* **Work task**
An exact copy of the entries is required, with every image omitted.
┌────────
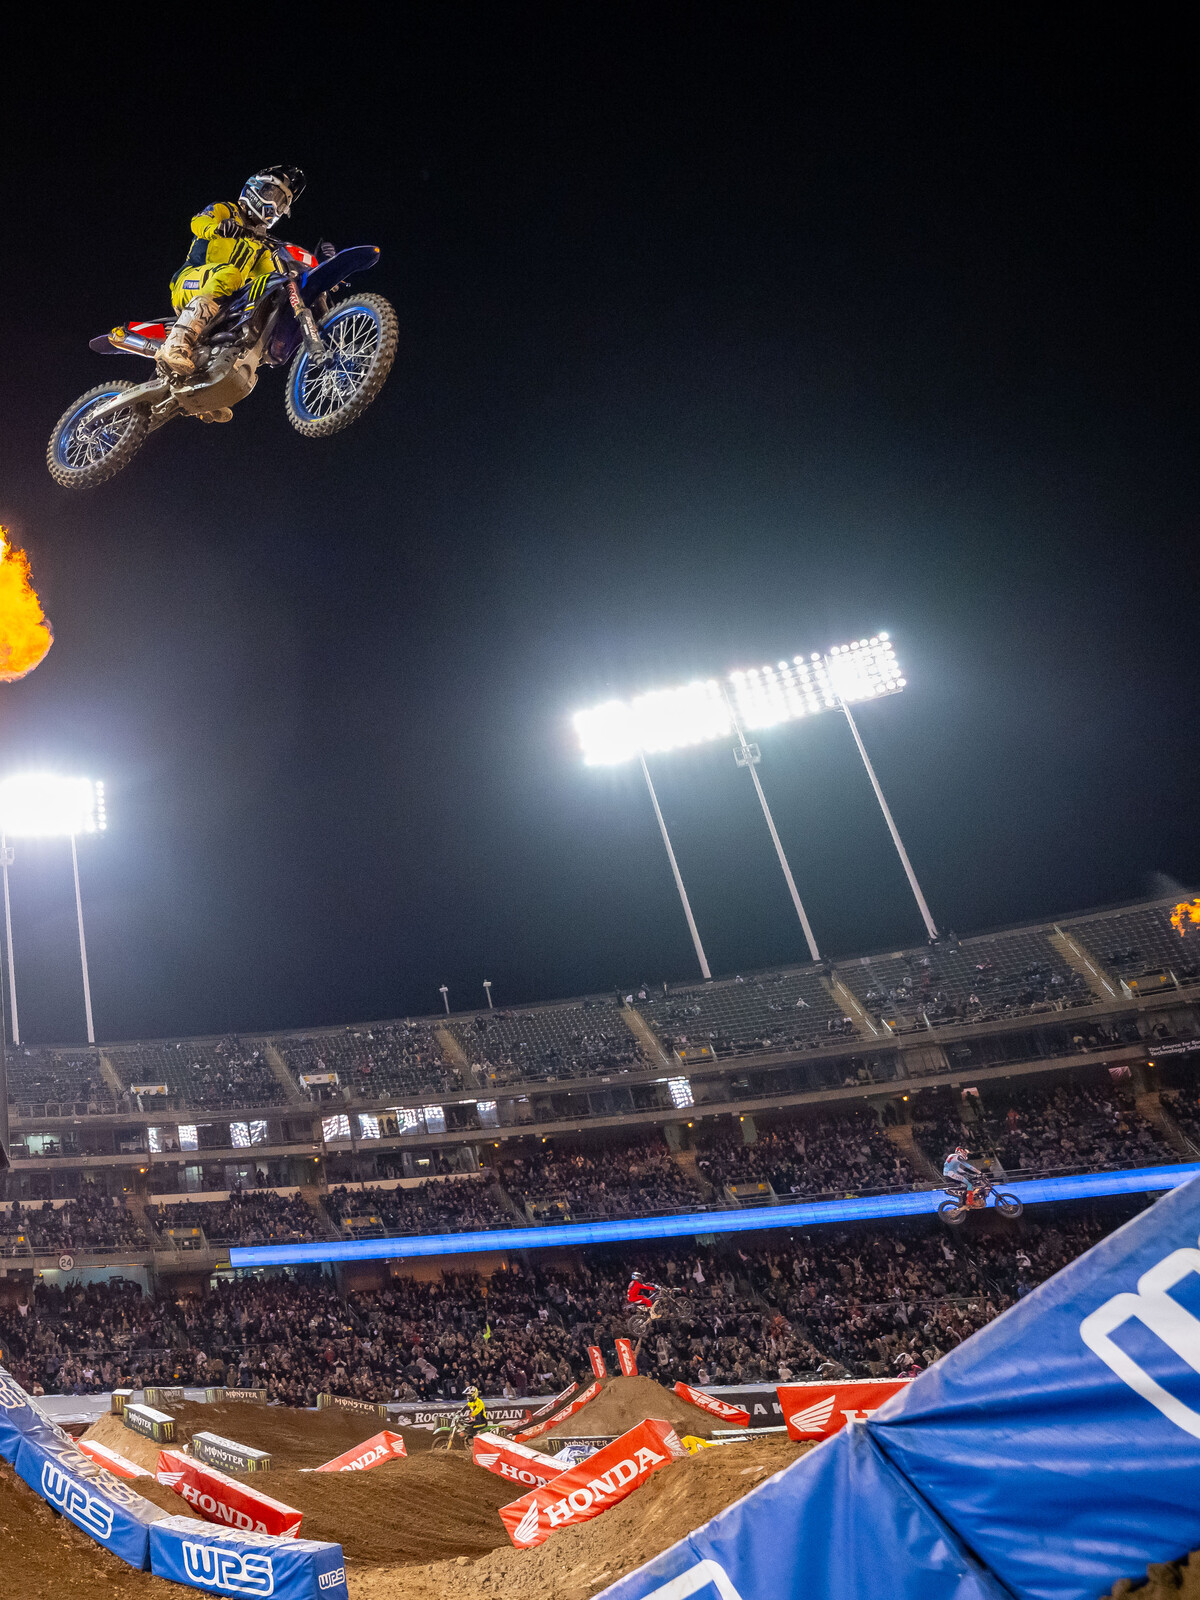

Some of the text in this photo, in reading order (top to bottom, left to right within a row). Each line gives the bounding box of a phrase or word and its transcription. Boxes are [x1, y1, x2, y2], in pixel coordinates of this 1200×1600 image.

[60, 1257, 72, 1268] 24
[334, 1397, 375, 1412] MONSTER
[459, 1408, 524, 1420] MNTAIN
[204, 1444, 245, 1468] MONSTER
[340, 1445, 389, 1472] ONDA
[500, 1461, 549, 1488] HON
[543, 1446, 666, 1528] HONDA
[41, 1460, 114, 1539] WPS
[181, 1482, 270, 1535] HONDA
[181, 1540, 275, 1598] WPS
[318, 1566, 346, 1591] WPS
└────────
* **Solution for this exercise**
Some of the text in this photo, in reading order (top to bottom, left to right within a row). Each line gives the bounding box of a phrase or word and its transcription. Boxes are [x1, y1, x2, y2], in pixel coordinates of this 1200×1600 image.

[60, 1257, 72, 1268] 24
[334, 1397, 375, 1412] MONSTER
[459, 1408, 524, 1420] MNTAIN
[204, 1444, 245, 1468] MONSTER
[340, 1445, 389, 1472] ONDA
[500, 1461, 549, 1488] HON
[543, 1446, 666, 1528] HONDA
[41, 1460, 114, 1539] WPS
[181, 1482, 270, 1535] HONDA
[181, 1540, 275, 1598] WPS
[318, 1566, 346, 1591] WPS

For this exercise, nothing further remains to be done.